(Materials provided)

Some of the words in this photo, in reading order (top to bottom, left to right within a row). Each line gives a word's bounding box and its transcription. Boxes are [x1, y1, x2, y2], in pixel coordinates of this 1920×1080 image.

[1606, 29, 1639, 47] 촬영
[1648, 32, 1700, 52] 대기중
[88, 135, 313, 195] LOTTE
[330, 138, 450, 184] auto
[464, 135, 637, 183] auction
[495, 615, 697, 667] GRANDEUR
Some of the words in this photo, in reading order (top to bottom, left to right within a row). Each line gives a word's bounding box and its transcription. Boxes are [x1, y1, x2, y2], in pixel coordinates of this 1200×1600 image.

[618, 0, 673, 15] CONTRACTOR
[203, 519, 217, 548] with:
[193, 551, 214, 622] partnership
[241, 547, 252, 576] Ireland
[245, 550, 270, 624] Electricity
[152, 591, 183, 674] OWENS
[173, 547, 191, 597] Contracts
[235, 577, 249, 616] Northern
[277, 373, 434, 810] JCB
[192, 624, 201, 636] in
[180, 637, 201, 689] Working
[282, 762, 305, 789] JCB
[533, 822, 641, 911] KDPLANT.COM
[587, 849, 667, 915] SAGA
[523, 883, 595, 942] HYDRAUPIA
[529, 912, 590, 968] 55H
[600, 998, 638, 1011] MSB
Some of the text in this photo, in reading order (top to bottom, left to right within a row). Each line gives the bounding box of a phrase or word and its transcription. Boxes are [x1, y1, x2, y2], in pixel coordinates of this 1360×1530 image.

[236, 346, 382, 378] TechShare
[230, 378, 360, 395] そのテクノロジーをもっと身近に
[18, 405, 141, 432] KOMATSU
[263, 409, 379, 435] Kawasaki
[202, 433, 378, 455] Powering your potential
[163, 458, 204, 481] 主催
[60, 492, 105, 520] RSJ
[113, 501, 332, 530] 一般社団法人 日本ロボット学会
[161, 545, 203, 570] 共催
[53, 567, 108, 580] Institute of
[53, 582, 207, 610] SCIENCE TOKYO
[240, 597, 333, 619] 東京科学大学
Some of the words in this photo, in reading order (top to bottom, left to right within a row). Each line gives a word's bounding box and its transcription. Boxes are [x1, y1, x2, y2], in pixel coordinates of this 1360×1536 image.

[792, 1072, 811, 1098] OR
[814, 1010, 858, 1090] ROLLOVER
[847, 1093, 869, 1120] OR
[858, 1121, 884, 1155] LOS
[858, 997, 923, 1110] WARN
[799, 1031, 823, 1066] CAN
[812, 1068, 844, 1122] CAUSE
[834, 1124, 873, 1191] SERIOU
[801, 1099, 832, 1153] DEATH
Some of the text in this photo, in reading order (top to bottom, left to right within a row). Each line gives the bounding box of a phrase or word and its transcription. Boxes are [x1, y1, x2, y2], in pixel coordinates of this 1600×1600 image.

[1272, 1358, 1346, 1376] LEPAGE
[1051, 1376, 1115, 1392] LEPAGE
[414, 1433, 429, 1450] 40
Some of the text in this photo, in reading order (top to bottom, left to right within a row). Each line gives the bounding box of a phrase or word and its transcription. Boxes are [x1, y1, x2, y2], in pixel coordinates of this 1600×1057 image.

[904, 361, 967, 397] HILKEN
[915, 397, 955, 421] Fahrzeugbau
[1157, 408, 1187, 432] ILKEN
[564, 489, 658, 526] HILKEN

(End Materials provided)

* [Task to complete]: Each line of the material above needs to be returned exactly as written.

* [Reply]:
Some of the words in this photo, in reading order (top to bottom, left to right within a row). Each line gives a word's bounding box and its transcription. Boxes are [x1, y1, x2, y2], in pixel coordinates of this 1920×1080 image.

[1606, 29, 1639, 47] 촬영
[1648, 32, 1700, 52] 대기중
[88, 135, 313, 195] LOTTE
[330, 138, 450, 184] auto
[464, 135, 637, 183] auction
[495, 615, 697, 667] GRANDEUR
Some of the words in this photo, in reading order (top to bottom, left to right within a row). Each line gives a word's bounding box and its transcription. Boxes are [x1, y1, x2, y2], in pixel coordinates of this 1200×1600 image.

[618, 0, 673, 15] CONTRACTOR
[203, 519, 217, 548] with:
[193, 551, 214, 622] partnership
[241, 547, 252, 576] Ireland
[245, 550, 270, 624] Electricity
[152, 591, 183, 674] OWENS
[173, 547, 191, 597] Contracts
[235, 577, 249, 616] Northern
[277, 373, 434, 810] JCB
[192, 624, 201, 636] in
[180, 637, 201, 689] Working
[282, 762, 305, 789] JCB
[533, 822, 641, 911] KDPLANT.COM
[587, 849, 667, 915] SAGA
[523, 883, 595, 942] HYDRAUPIA
[529, 912, 590, 968] 55H
[600, 998, 638, 1011] MSB
Some of the text in this photo, in reading order (top to bottom, left to right within a row). Each line gives the bounding box of a phrase or word and its transcription. Boxes are [x1, y1, x2, y2], in pixel coordinates of this 1360×1530 image.

[236, 346, 382, 378] TechShare
[230, 378, 360, 395] そのテクノロジーをもっと身近に
[18, 405, 141, 432] KOMATSU
[263, 409, 379, 435] Kawasaki
[202, 433, 378, 455] Powering your potential
[163, 458, 204, 481] 主催
[60, 492, 105, 520] RSJ
[113, 501, 332, 530] 一般社団法人 日本ロボット学会
[161, 545, 203, 570] 共催
[53, 567, 108, 580] Institute of
[53, 582, 207, 610] SCIENCE TOKYO
[240, 597, 333, 619] 東京科学大学
Some of the words in this photo, in reading order (top to bottom, left to right within a row). Each line gives a word's bounding box and its transcription. Boxes are [x1, y1, x2, y2], in pixel coordinates of this 1360×1536 image.

[792, 1072, 811, 1098] OR
[814, 1010, 858, 1090] ROLLOVER
[847, 1093, 869, 1120] OR
[858, 1121, 884, 1155] LOS
[858, 997, 923, 1110] WARN
[799, 1031, 823, 1066] CAN
[812, 1068, 844, 1122] CAUSE
[834, 1124, 873, 1191] SERIOU
[801, 1099, 832, 1153] DEATH
Some of the text in this photo, in reading order (top to bottom, left to right within a row). Each line gives the bounding box of a phrase or word and its transcription. Boxes are [x1, y1, x2, y2], in pixel coordinates of this 1600×1600 image.

[1272, 1358, 1346, 1376] LEPAGE
[1051, 1376, 1115, 1392] LEPAGE
[414, 1433, 429, 1450] 40
Some of the text in this photo, in reading order (top to bottom, left to right within a row). Each line gives the bounding box of a phrase or word and its transcription. Boxes are [x1, y1, x2, y2], in pixel coordinates of this 1600×1057 image.

[904, 361, 967, 397] HILKEN
[915, 397, 955, 421] Fahrzeugbau
[1157, 408, 1187, 432] ILKEN
[564, 489, 658, 526] HILKEN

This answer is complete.